The Republican candidates for the state House of Representatives all made similar calls during campaigning Sunday, for local voters to keep this part of Montana red in the Legislature.
Incumbent Rep. Kris Hansen of Havre said Sunday she has had the distinction of serving under both Gov. Brian Schweitzer and Gov. Steve Bullock, both Democrats, and has seen 149 vetoes in her two terms.

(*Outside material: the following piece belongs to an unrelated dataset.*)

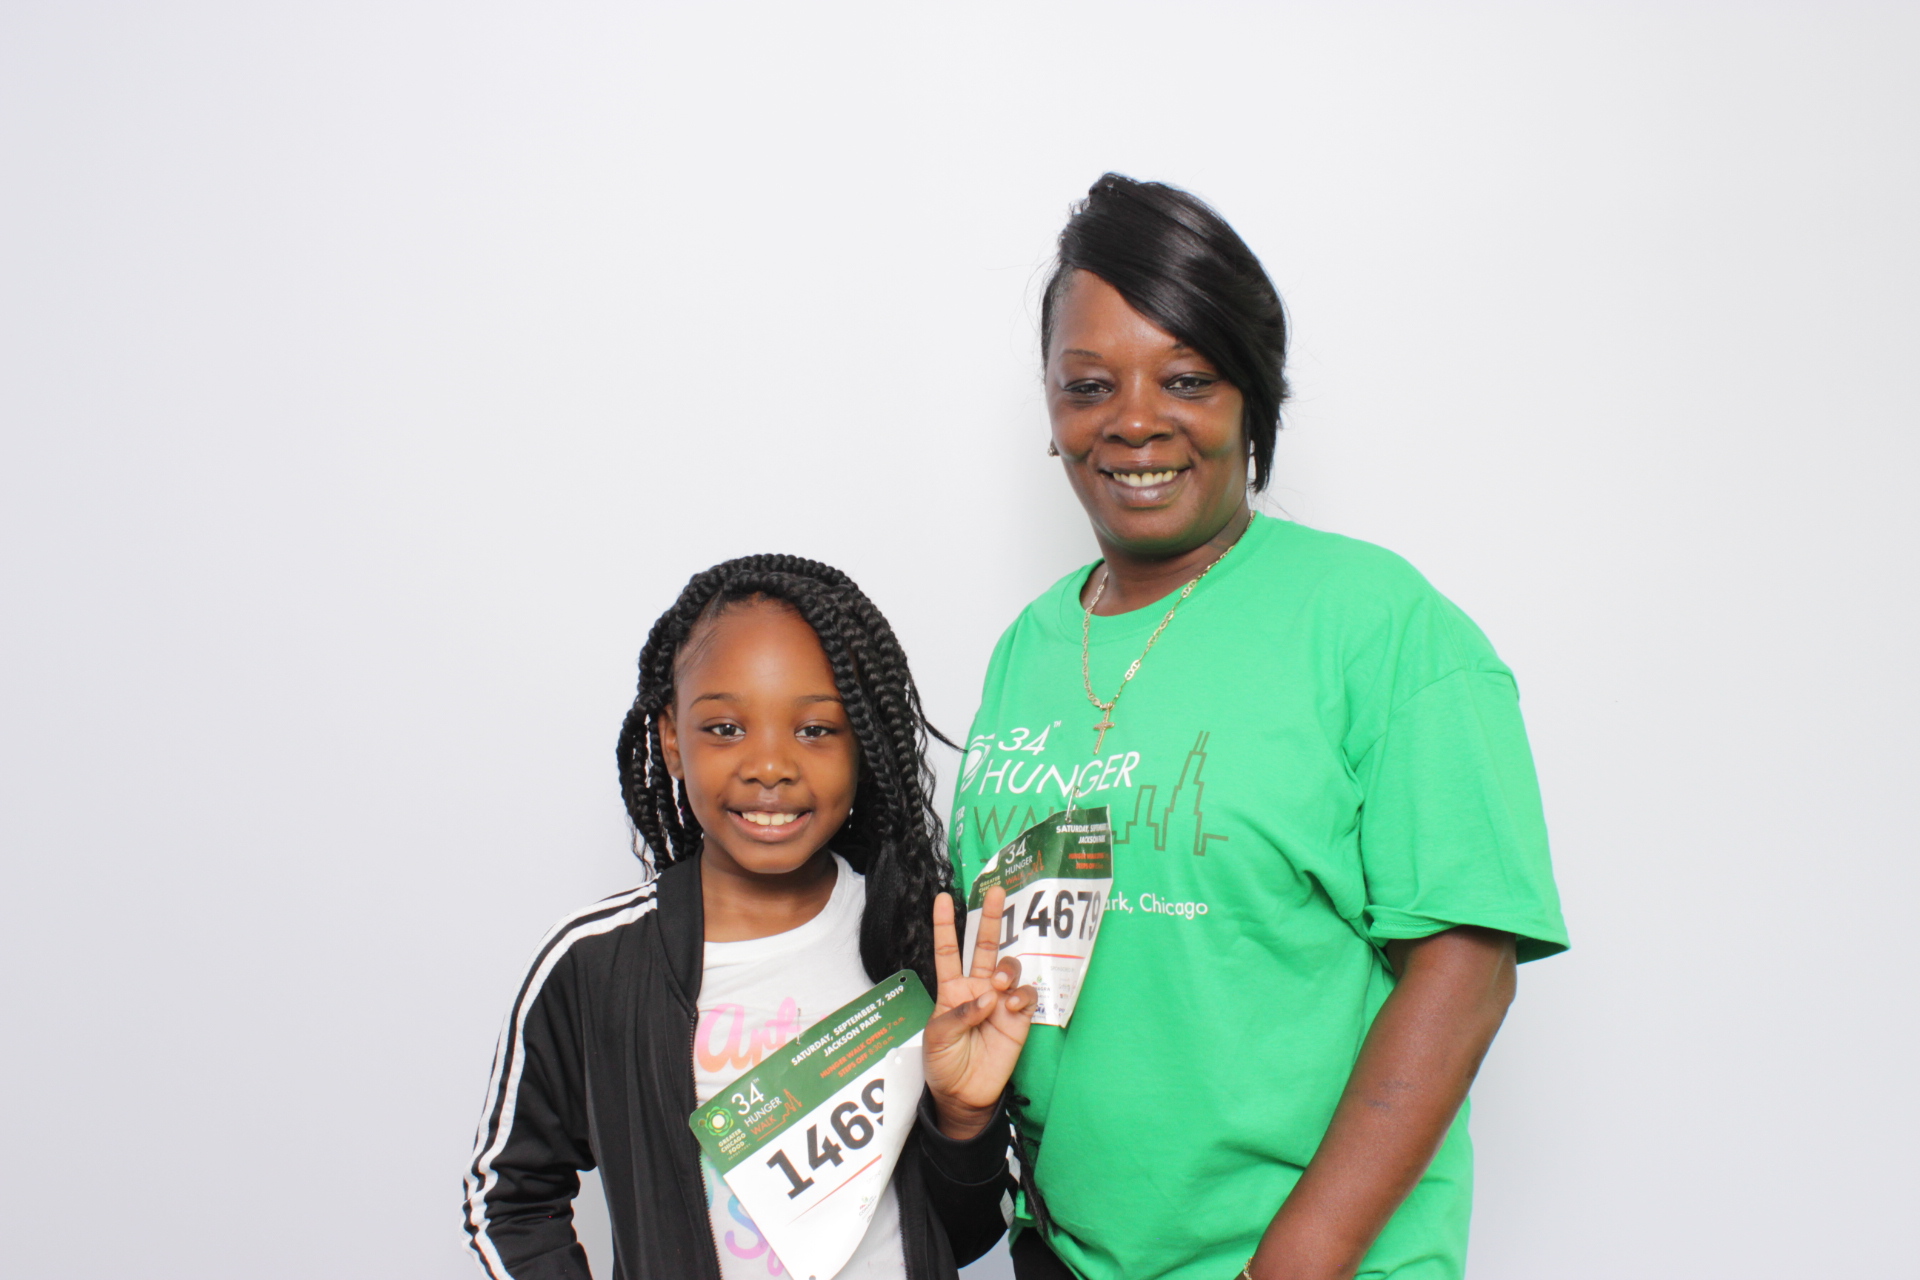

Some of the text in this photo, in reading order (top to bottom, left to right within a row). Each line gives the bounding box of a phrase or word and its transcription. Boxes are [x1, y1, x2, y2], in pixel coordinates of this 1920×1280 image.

That is likely to continue in the 2015 session, she said, as Bullock serves out the end of his first term.
“I’m not telling you that to discourage you,” she told the crowd of nearly 100 people at the local Lincoln-Reagan Day GOP fundraising dinner. “I’m telling you that this time will give us the opportunity to continue honing what we’ve done; continue improving upon the legislation we’ve passed; continue to get the conservative message out to the people about why these are good bills and, hopefully, with your support, continuing to put pressure on this governor to sign good legislation.”
Hansen, who faces Sen. Greg Jergeson, D-Havre, in the race for Senate District 14, also encouraged people to vote for Stephanie Hess, the Republican candidate in the only other, so far, contested legislative election in this area.

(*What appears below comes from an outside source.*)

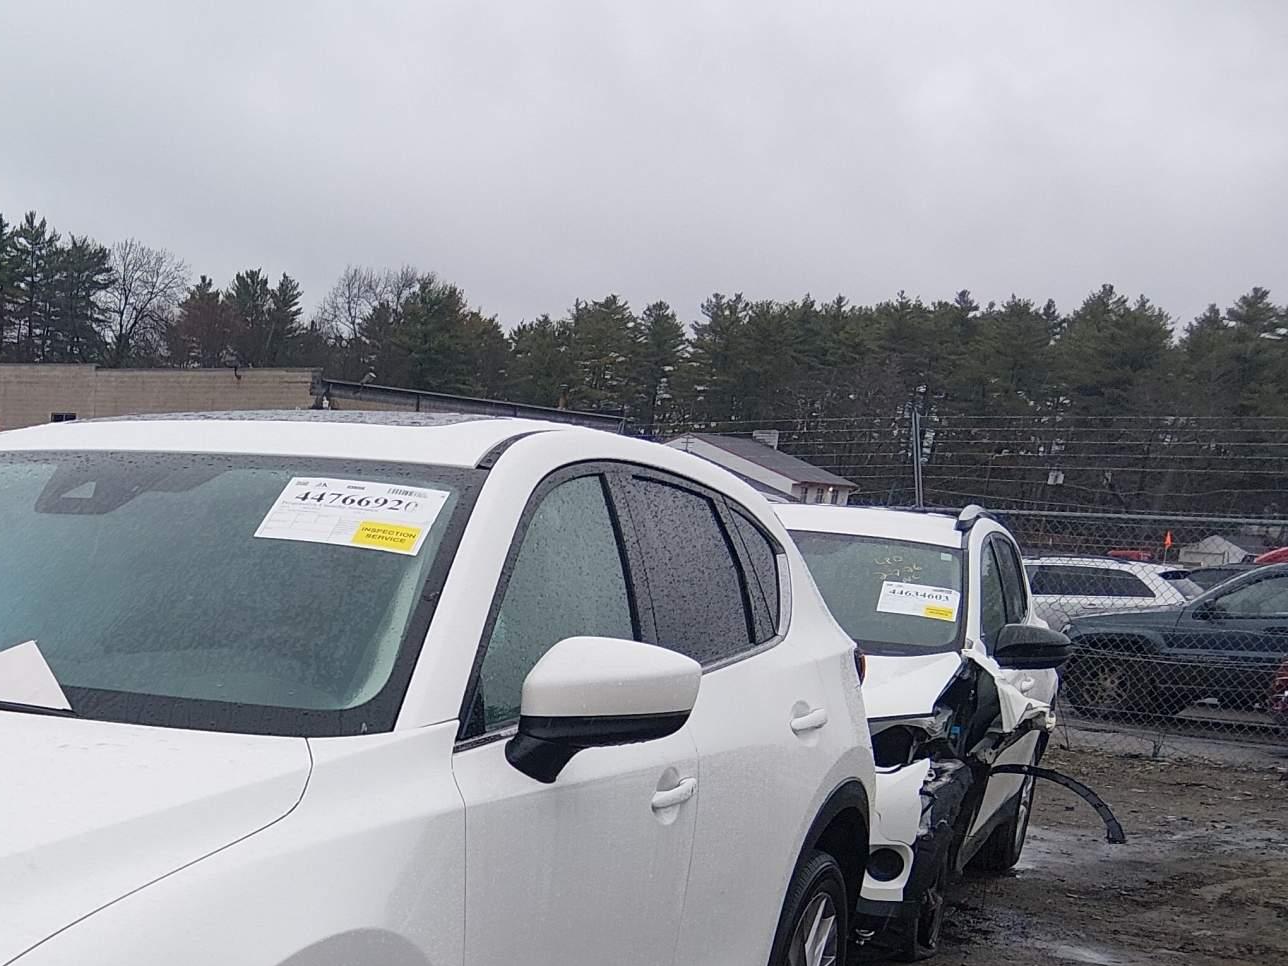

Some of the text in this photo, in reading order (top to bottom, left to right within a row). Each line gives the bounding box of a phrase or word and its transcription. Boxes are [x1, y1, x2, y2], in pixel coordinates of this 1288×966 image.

[295, 490, 419, 513] 44766920
[361, 526, 417, 539] INSPECTION
[364, 533, 407, 544] SERVICE

Hess faces City Council member Janet Trethewey, a Democrat, in the race for House District 28 that essentially is Havre.
“Stephanie is the best thing that could have happened to Havre, and she is going to be an outstanding representative,” Hansen said.
She said she sees many people in Missoula wearing a T-shirt saying, “Keep Missoula Weird.” Hansen said she wants to see T-shirts and bumper stickers saying, “Keep Havre Red.”
“And it’s going to happen if you support Stephanie Hess because she’s going to do a good job,” Hansen said.
Hess, a social worker at Northern Montana Care Center, said people ask her why she wants to be a legislator.
“I love Montana. I love this community, it’s a great community, and I really just want to serve. It’s really that simple,” she said.
“I really want to do the best I can with the time that God has given me and, in my mind, that includes serving,” Hess added.
She said the redistricting that put Havre, previously divided into three districts, into one gave her an opportunity to serve she otherwise wouldn’t have had.
“So I am volunteering for deployment in Helena,” she said, referring to a headline she saw stating “Battle lines are drawn for legislative districts.
“I really didn’t like that headline because it sort of implied that the battle is between parties, and, in my mind, the battle is not between people it is for ideas, for good ideas,” she said.
Mike Lang, the incumbent first-term representative from Malta, said his first term was eye-opening and nearly overwhelming.
“There were many challenges where my ideas, along with ideas of others, were challenged,” he said. “Sometimes I didn’t agree with them, but I had to learn what they were thinking about and what they were talking about.”
He said whenever he voted on a bill, he had to consider a string of issues, including was the bill good for business; are the family values and private property rights respected; how it impacted local jurisdictions and would the government be responsive and efficient; impacts on jobs and schools and wildlife management and responsible natural resource development; and did it respect the views of his constituents.
“And last and foremost, can I make this decision with a clear conscience?” he said.
He said he wants to fight a war for freedom and prosperity, hallmarks of the Republican Party, he said, including fighting restrictions and taxes from Washington. That means staying true to his convictions, Lang said, and sometimes that means saying, “No.”
“What does the word ‘no’ mean? To me, it’s no way, no how, it’s not happening on certain issues,” he said. “But, on the same token, I have to come in and try to turn that no into a ‘yes’ when that person is totally against my convictions. I have to try to turn it around to make it a positive thing, so we have a ‘yes,’ so we can embrace these convictions to move our state forward.”
Hollandsworth, the incumbent representative from Brady, talked about his serving on the House Appropriations Committee, which means he does nothing but look at and juggle numbers for the entire session while putting together the state appropriations bill.
He said he, like Lang, ran his own business as a Chouteau County farmer.
“My problem with Legislature is, we elect 150 people. Only about 30 of the 150 have actually run a business, and that is hard when you’re talking appropriations … ,” Hollandsworth said. “I have nothing against schoolteachers; I have nothing against people that work for the county, but that seems to be what gets the place filled, and I don’t know why that is. I think everybody is so busy making a living they don’t have a chance to serve.”
Hansen said she wants the Republicans to keep working and to look to the future.
“I just want you to stay encouraged for this next election cycle,” she said. We’ve got one more time with this governor, and then, if we do it right, if we work together if we start to think together and not fight with each other, we will, in 2016, have a Republican governor and we are going to put some of this stuff in place that will rapidly propel us into a smaller-government, less expensive, pro-business, pro-family state again like we’re supposed to be.”